Almost a year and a half ago when I started to think about seeing a reproductive endocrinologist I found that I was very thankful to my friends who had been open with me about their struggle to get pregnant, it was comforting to have a support system of women who had been there and done that. I often feel as though infertility is treated as a secret that I am trying to keep, and as anyone in my family can attest, I don't do well with secrets. They make me feel claustrophobic. If my friends had chosen to be less open I would probably not have been as open in sharing my frustrations with them. That would have made this difficult experience so much harder. The support of my family and friends has helped me infinitely. Secrecy begets secrecy and I am thankful they chose to break that chain because it helped me.

Did the blogging world really need to know this much about my personal life and struggles? Probably not. The reason I chose to share is that I hope being open will help someone who may be having a similar experience. If nothing else I hope that talking about it will be one more small step forward in removing the stigma attached to infertility.

Monday, February 14, 2011

my censor is broken

I have become the person that causes awkward silences.

My husband and I went to a party this weekend where are game was played. One person would go around trying to guess from clues what the rest of the group was describing. Of course one round the group was to describe "your first born", lovely. My husband was "it" during this round, he went around the room twice and was unable to guess what we were describing, people began making their descriptions more and more obvious. He wasn't getting it. I finally said, "Mine will come from a petri dish." The room went awkwardly silent. He guessed it though, so does that mean I win?

I feel like instances like this are what highlight the fine line we straddle. In conversations I am constantly trying to remember that just because I hurt from not being able to have a baby doesn't mean that the rest of the world has to censor what is going on in their lives to insulate me. On the flip side I get frustrated with people's carelessness. I sit and listen to them complain about pregnancy and their children because that is where they are in life and I don't want to censor them and their experiences. It hurts to listen to it, to the point where I want to retreat from social situations.

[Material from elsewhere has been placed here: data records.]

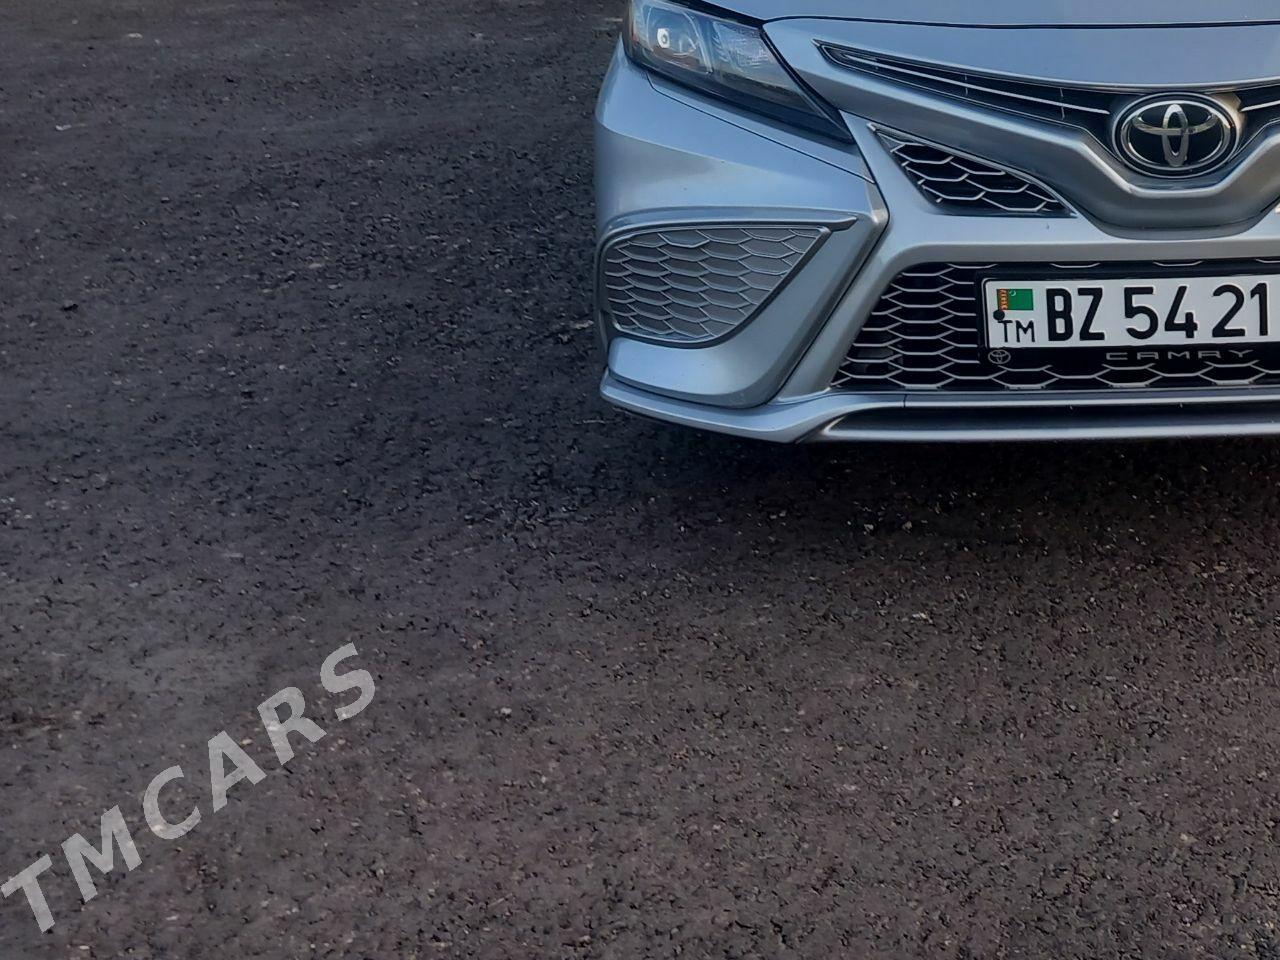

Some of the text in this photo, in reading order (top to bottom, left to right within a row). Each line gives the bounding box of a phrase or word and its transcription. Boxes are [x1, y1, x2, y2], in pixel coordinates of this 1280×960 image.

[1045, 286, 1105, 342] BZ
[999, 319, 1036, 343] TM
[1105, 348, 1254, 361] CAMRY
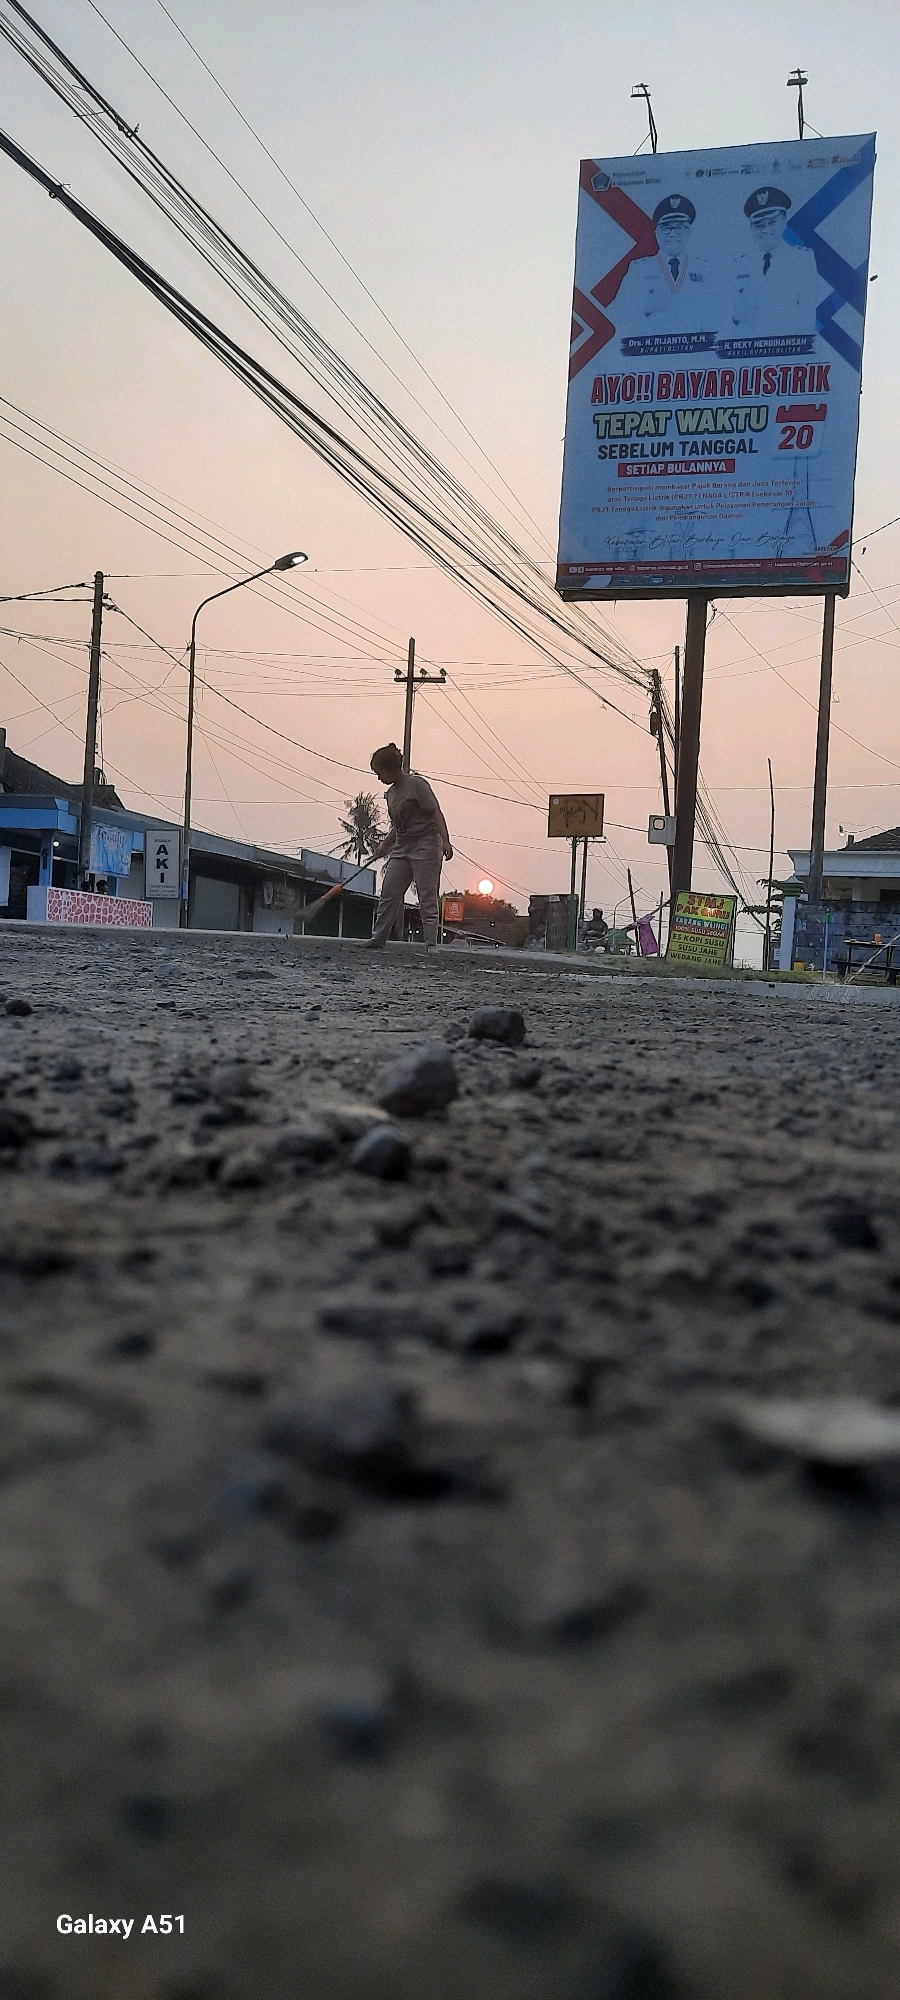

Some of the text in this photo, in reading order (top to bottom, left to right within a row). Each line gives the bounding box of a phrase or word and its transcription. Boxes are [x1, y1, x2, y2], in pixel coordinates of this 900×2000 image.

[628, 335, 708, 347] Drs. H. RIJANTO, M.M.
[724, 338, 807, 351] H. BEKY HERDIHANSAH
[590, 364, 831, 404] AYO!! BAYAR LISTRIK
[594, 405, 768, 438] TEPAT WAKTU
[778, 425, 814, 449] 20
[598, 438, 758, 459] SEBELUM TANGGAL
[626, 460, 727, 475] SETIAP BULANNYA
[608, 485, 654, 493] Berpartisipasi
[623, 495, 647, 503] Tenaga
[648, 493, 670, 501] Listrik
[671, 493, 691, 501] (PBJT
[693, 492, 722, 500] TENAGA
[724, 491, 755, 499] LISTRIK)
[658, 503, 693, 511] digunakan
[670, 513, 717, 521] Pembangunan
[604, 532, 797, 551] Kabupaten Blitar Berdaya Dan Berjaya
[156, 844, 170, 884] AKI
[687, 895, 725, 909] STMJ
[676, 904, 730, 919] PAK GURU
[690, 927, 706, 935] SUSU
[683, 935, 703, 943] KOPI
[704, 938, 724, 947] SUSU
[678, 944, 718, 956] SUSU JAHE
[670, 952, 721, 966] WEDANG JAHE
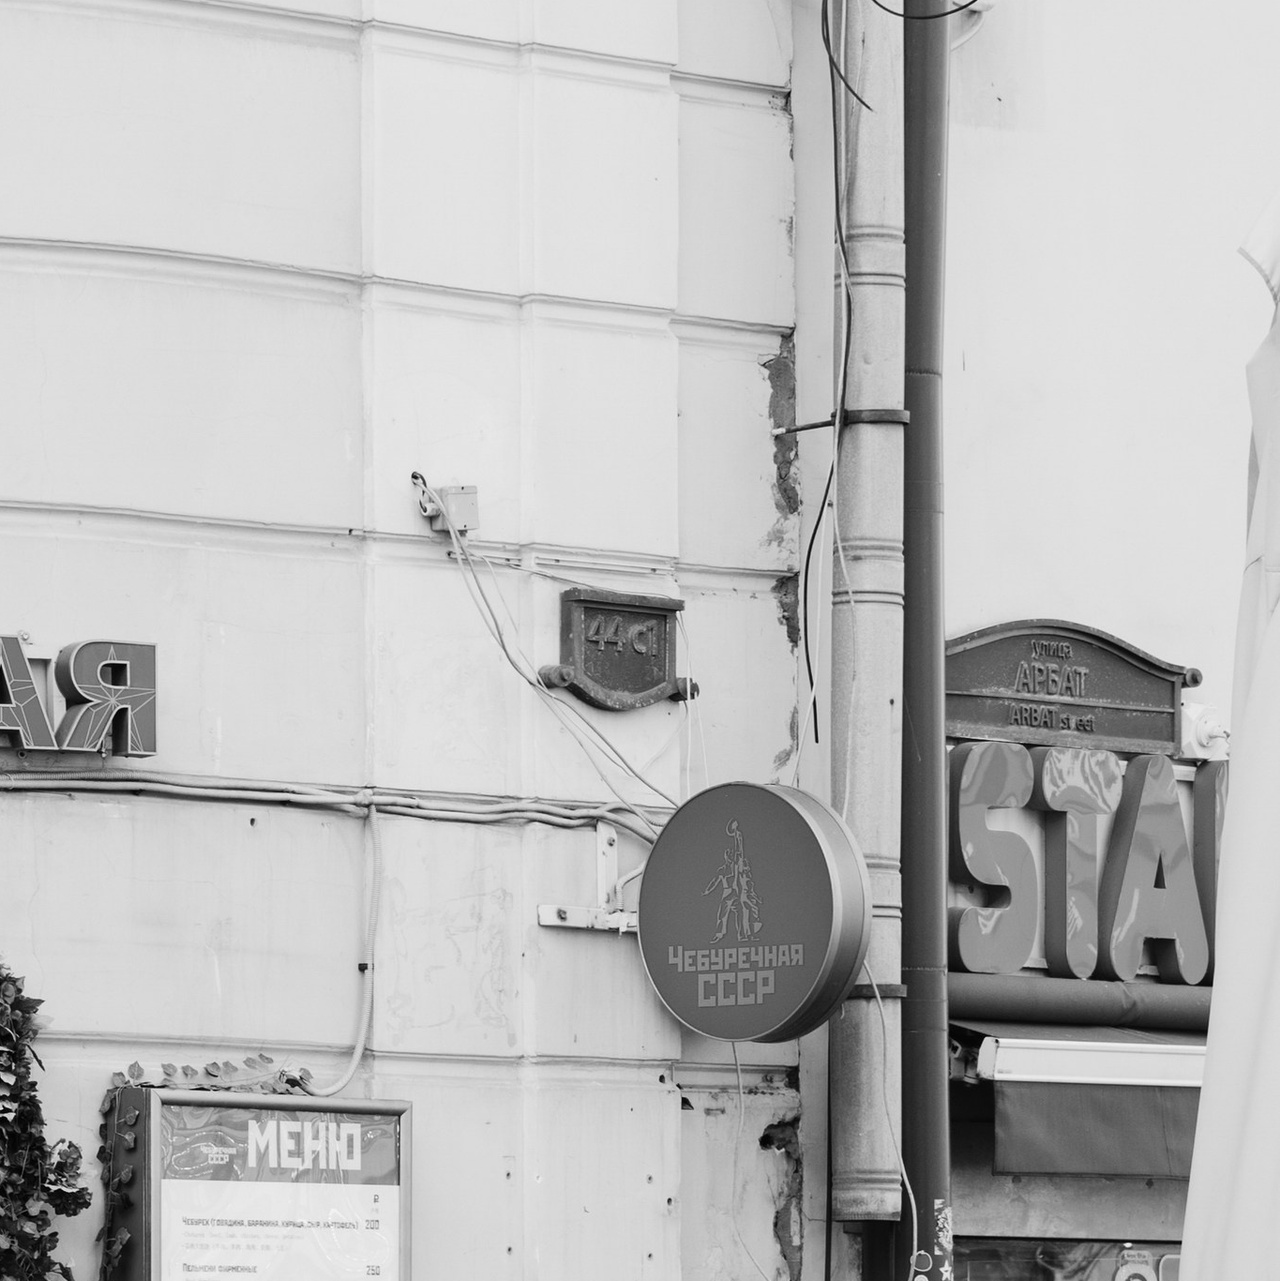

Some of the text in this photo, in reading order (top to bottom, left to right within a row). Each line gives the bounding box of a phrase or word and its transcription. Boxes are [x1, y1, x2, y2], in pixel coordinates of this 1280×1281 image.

[587, 614, 626, 651] 44
[1014, 660, 1089, 697] АРБАТ
[1009, 703, 1095, 732] ARBAT street
[949, 742, 1229, 986] STA
[668, 944, 804, 972] ЧЕБУРЕЧНАЯ
[697, 970, 775, 1008] СССР
[248, 1120, 362, 1171] МЕНЮ
[365, 1219, 380, 1230] 200
[366, 1265, 380, 1276] 250
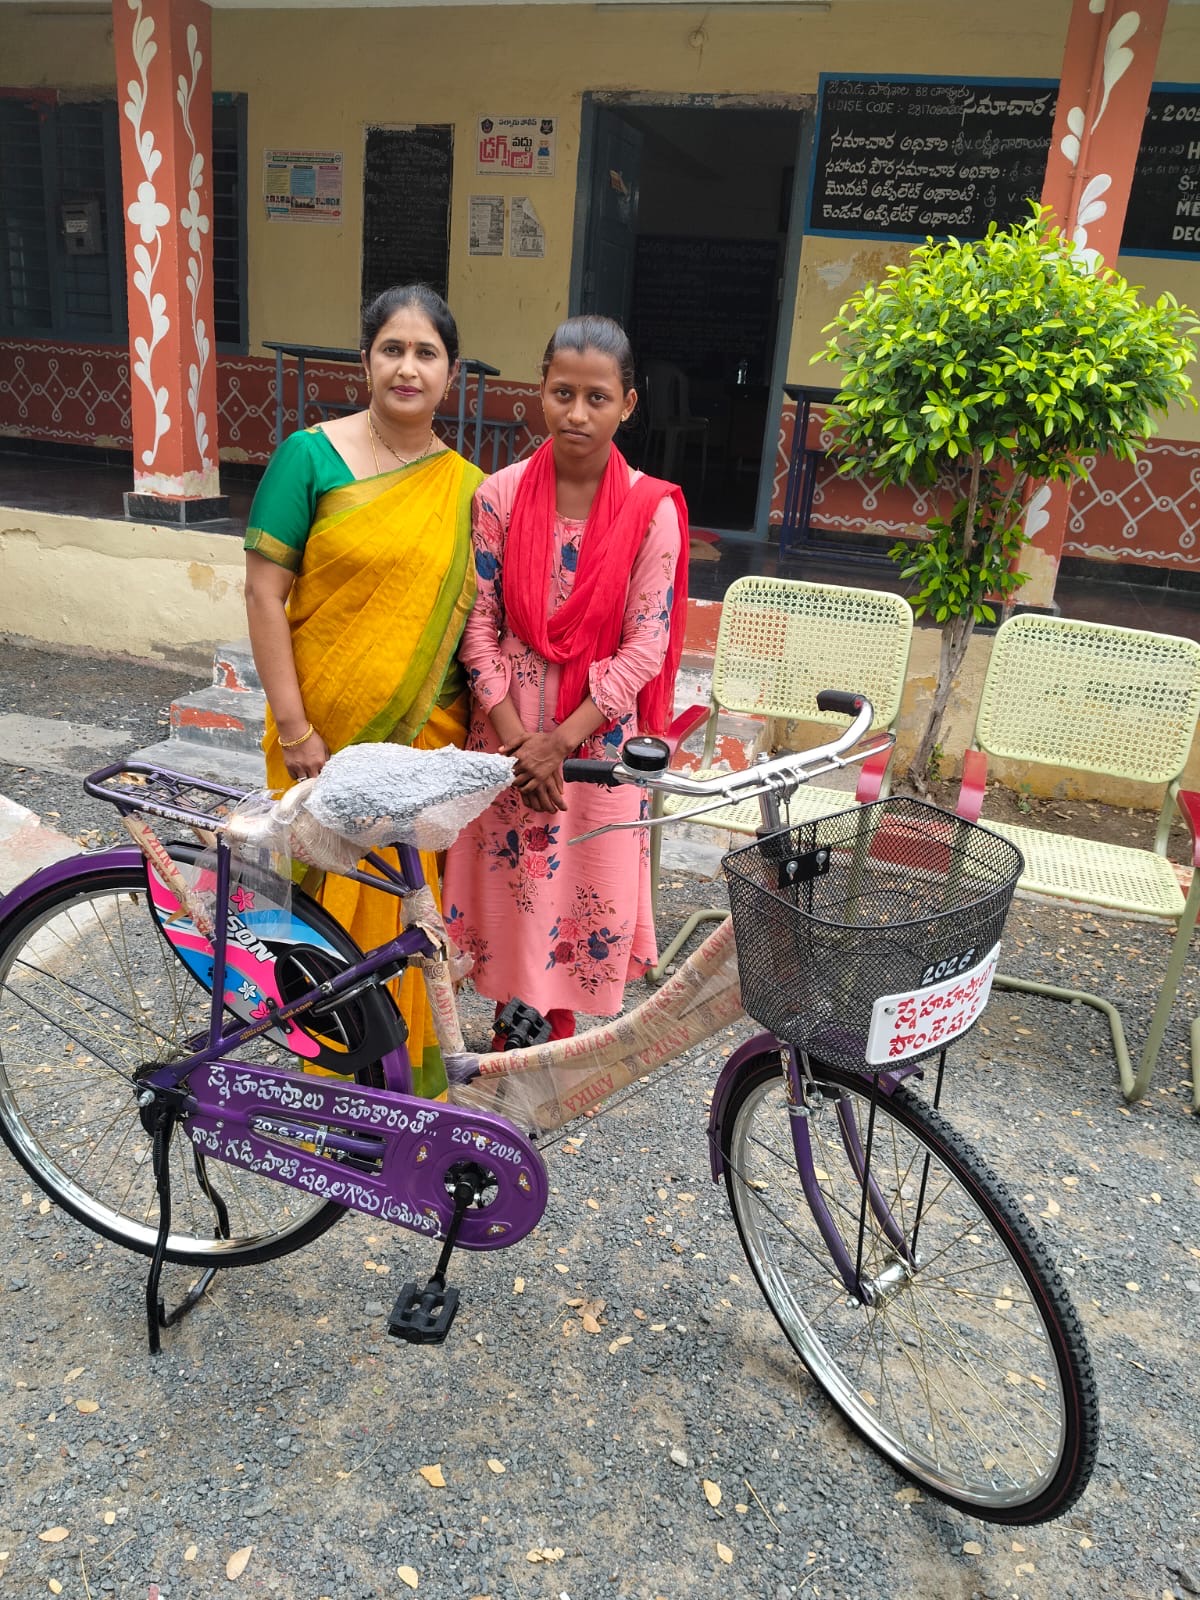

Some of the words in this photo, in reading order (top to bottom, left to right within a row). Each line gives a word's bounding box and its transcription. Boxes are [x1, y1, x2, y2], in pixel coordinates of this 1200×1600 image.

[866, 102, 895, 113] CODE
[830, 125, 897, 152] సమాచార
[921, 948, 976, 985] 2026
[564, 1030, 617, 1059] ANIKA
[562, 1073, 615, 1112] ANIKA

The carelessness of this weekend's situation frustrates me, I feel like choosing "your first born child" as the game clue in mixed company is careless. It places me in an unnecessary awkward situation being the only one in the group who is childless and not pregnant. And when the truth about my situation comes out and is met with an awkward silence as a response, I am left feeling frustrated with myself and the situation and socially gauche.

Friday, February 4, 2011

lucky me

First it is "you are in the 10% of women in their 20's with infertility" then it is "you are in the 1% of women your age with this problem". Lucky me? I'm rare, almost every other woman in this world with declining egg count is over the age of 35. According to one doctor I will be in menopause around 35. On the bright side my periods will stop, but then I will have to do hormone replacement treatments to keep osteoporosis and other things at bay.

When talking to someone about this news they asked, "do you even really want to be having children after 35? We plan on being done by then!" I hadn't ever really given myself a deadline on having children but really the point is that the choice has been taken away from me. I have 9 years to have children, give or take. I have no doubt that some of my friends will still be having children at the time I am going through menopause.

I want children, I want my children. I feel like this possibility is being taken away from me to a degree. Thousands and thousands of dollars will be poured in to trying to preserve what little fertility I have left and I am 26, I am supposed to have plenty of fertility left.

Menopause 15 years early, lucky me. Funnily enough, I don't feel that lucky.